_Exercise details_. Given the records that follow, return each one verbatim.

[Extracted records]
--*--

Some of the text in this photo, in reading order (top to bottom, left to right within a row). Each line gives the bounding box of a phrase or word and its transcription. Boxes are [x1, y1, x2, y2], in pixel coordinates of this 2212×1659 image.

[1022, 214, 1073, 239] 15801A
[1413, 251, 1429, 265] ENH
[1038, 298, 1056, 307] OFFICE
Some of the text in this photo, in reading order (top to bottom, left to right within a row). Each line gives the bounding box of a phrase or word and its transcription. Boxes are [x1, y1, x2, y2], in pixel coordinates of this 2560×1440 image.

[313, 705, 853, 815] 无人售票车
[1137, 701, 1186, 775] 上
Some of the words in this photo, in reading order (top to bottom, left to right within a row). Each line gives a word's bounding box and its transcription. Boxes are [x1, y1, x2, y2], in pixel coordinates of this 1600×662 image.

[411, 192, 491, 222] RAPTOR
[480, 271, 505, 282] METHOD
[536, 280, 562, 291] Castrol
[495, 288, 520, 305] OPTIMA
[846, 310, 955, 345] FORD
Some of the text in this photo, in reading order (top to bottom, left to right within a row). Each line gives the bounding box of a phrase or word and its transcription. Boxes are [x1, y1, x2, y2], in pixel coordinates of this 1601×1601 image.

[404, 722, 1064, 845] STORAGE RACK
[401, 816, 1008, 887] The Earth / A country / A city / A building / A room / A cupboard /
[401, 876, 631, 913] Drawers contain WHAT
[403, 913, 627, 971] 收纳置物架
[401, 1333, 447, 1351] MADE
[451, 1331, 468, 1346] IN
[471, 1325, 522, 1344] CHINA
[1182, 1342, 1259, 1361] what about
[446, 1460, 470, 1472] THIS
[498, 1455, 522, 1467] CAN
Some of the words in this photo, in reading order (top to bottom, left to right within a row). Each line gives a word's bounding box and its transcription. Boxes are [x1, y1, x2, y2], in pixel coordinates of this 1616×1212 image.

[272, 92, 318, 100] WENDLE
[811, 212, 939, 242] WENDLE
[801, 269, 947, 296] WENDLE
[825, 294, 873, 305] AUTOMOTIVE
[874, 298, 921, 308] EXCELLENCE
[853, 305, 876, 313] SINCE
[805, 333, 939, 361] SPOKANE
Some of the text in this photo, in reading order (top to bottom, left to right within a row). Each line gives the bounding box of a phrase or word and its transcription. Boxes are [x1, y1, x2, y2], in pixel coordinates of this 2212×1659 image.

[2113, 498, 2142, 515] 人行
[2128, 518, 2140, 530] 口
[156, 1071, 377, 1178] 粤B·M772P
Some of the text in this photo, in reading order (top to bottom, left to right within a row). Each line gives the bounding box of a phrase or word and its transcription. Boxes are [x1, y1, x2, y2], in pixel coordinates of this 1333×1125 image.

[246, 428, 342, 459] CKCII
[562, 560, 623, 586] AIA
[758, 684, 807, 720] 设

--*--

_Solved problem_.
Some of the text in this photo, in reading order (top to bottom, left to right within a row). Each line gives the bounding box of a phrase or word and its transcription. Boxes are [x1, y1, x2, y2], in pixel coordinates of this 2212×1659 image.

[1022, 214, 1073, 239] 15801A
[1413, 251, 1429, 265] ENH
[1038, 298, 1056, 307] OFFICE
Some of the text in this photo, in reading order (top to bottom, left to right within a row). Each line gives the bounding box of a phrase or word and its transcription. Boxes are [x1, y1, x2, y2], in pixel coordinates of this 2560×1440 image.

[313, 705, 853, 815] 无人售票车
[1137, 701, 1186, 775] 上
Some of the words in this photo, in reading order (top to bottom, left to right within a row). Each line gives a word's bounding box and its transcription. Boxes are [x1, y1, x2, y2], in pixel coordinates of this 1600×662 image.

[411, 192, 491, 222] RAPTOR
[480, 271, 505, 282] METHOD
[536, 280, 562, 291] Castrol
[495, 288, 520, 305] OPTIMA
[846, 310, 955, 345] FORD
Some of the text in this photo, in reading order (top to bottom, left to right within a row). Each line gives the bounding box of a phrase or word and its transcription. Boxes are [x1, y1, x2, y2], in pixel coordinates of this 1601×1601 image.

[404, 722, 1064, 845] STORAGE RACK
[401, 816, 1008, 887] The Earth / A country / A city / A building / A room / A cupboard /
[401, 876, 631, 913] Drawers contain WHAT
[403, 913, 627, 971] 收纳置物架
[401, 1333, 447, 1351] MADE
[451, 1331, 468, 1346] IN
[471, 1325, 522, 1344] CHINA
[1182, 1342, 1259, 1361] what about
[446, 1460, 470, 1472] THIS
[498, 1455, 522, 1467] CAN
Some of the words in this photo, in reading order (top to bottom, left to right within a row). Each line gives a word's bounding box and its transcription. Boxes are [x1, y1, x2, y2], in pixel coordinates of this 1616×1212 image.

[272, 92, 318, 100] WENDLE
[811, 212, 939, 242] WENDLE
[801, 269, 947, 296] WENDLE
[825, 294, 873, 305] AUTOMOTIVE
[874, 298, 921, 308] EXCELLENCE
[853, 305, 876, 313] SINCE
[805, 333, 939, 361] SPOKANE
Some of the text in this photo, in reading order (top to bottom, left to right within a row). Each line gives the bounding box of a phrase or word and its transcription. Boxes are [x1, y1, x2, y2], in pixel coordinates of this 2212×1659 image.

[2113, 498, 2142, 515] 人行
[2128, 518, 2140, 530] 口
[156, 1071, 377, 1178] 粤B·M772P
Some of the text in this photo, in reading order (top to bottom, left to right within a row). Each line gives the bounding box of a phrase or word and its transcription. Boxes are [x1, y1, x2, y2], in pixel coordinates of this 1333×1125 image.

[246, 428, 342, 459] CKCII
[562, 560, 623, 586] AIA
[758, 684, 807, 720] 设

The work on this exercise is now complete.